GM introduced their infamous “dustbuster minivans” to wild acclaim by offering unique, cutting-edge styling in the Oldsmobile Silhouette, Pontiac Trans Sport, and Chevrolet Lumina MPV. Ford similarly went for a wind tunnel-inspired design with the Ford Aerostar. Toyota took these sleek designs to the next level by offering the Toyota Previa; marrying modern design with a modern mid-engine drivetrain.

A black and white photo of a Toyota Previa.
Toyota Previa | Rick Eglinton/Toronto Star via Getty Images

A mid-engine minivan?

Yes, the Toyota Previa was produced as a mid-engine minivan with its inception during the 1991 model year for North America. This was a true mid-engine design, with the engine mainly sitting below the front seats.

This allowed for a more balanced drive compared to the front-wheel drive Caravan competition, which tended to understeer in high-speed situations. Toyota also marketed this mid-engine design as a convenience feature, with easy access to spark plugs and other maintenance items in the engine.
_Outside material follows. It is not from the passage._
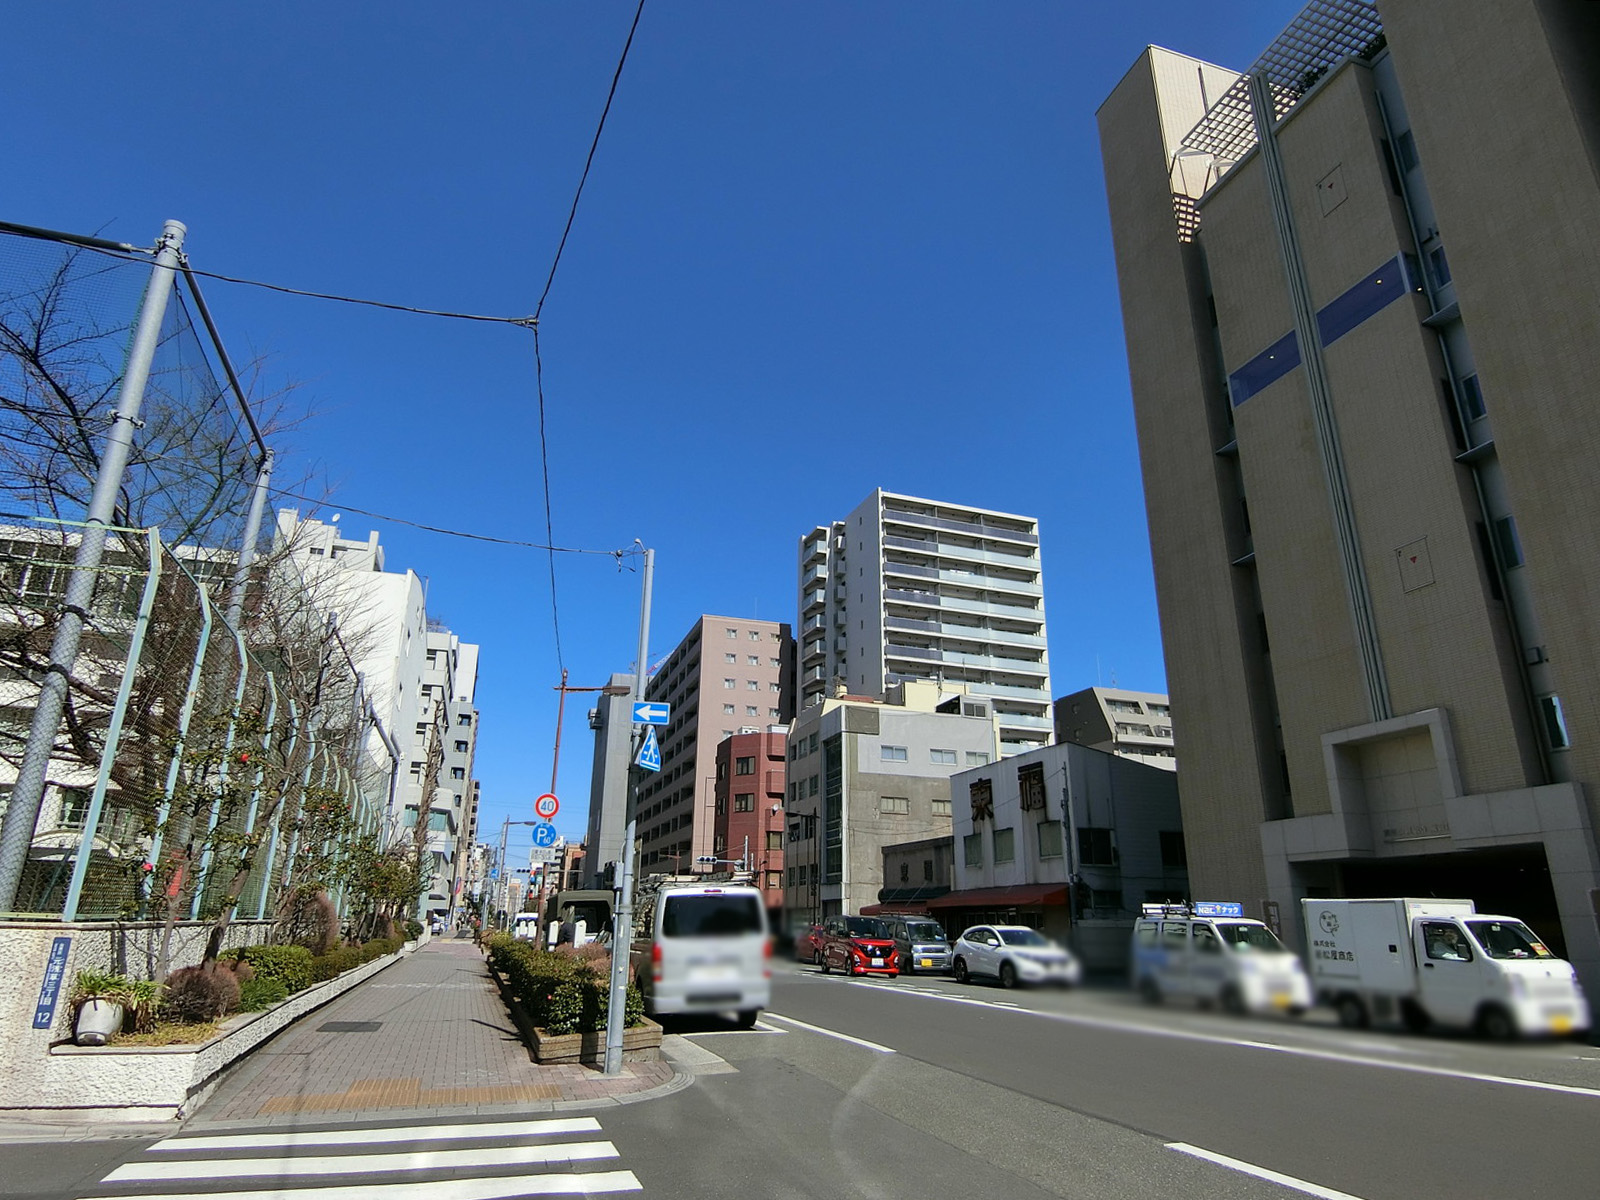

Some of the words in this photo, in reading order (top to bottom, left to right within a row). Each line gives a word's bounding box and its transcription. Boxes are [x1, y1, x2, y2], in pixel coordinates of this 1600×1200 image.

Car and Driver reports that Toyota set out to make the Previa the “sports car of minivans”, and in doing so, made a minivan with a near 50/50 weight distribution. This Previa was produced with a 2.4L 2TZ-FE four-cylinder engine, producing a solid 138 horsepower.

There was also a supercharged version of the 2.4L four-cylinder which produced around 161 horsepower. Both of these engines were paired with either a four-speed automatic or five-speed manual transmission. 

Why did the Toyota Previa fail in the U.S.?

Toyota Previa’s production run in the U.S. ran from 1990 through 1997. While the Previa did sell around 50,000 units in its first few years of production, these numbers paled in comparison to the competition found with the Dodge Caravan. Dodge was selling nearly 600,000 Caravans annually throughout the late 1990s.

While the Previa never found long-term success in the U.S., it did find an audience overseas in Toyota’s home country of Japan, where the Previa continued sales until 2019, although it took on a different name. This model of Previa was only called a Previa in select markets including China and the Philippines, for Japan, this minivan was known as the Estima, and for Australia, it was called the Tarago.

How did the Toyota Previa get its name?

According to Toyota UK Magazine, the Toyota Previa got its name from the Italian word, ‘previdenza’, which means “providence” or “foresight”. The Previa lived up to its name with its forward-thinking mentality. Today, compact crossover SUVs are being produced with sports car-like performance and a ton of space-saving engineering, just like the Previa.

The Previa was a mid-engine, near perfectly balanced sports car with a 161 horsepower four-cylinder engine and a five-speed manual transmission. Unfortunately, its minivan exterior made it fly well under the radar. If you are looking to get behind the wheel of a vehicle that will last as a true quirky conversion piece with solid performance, look no further than the Toyota Previa!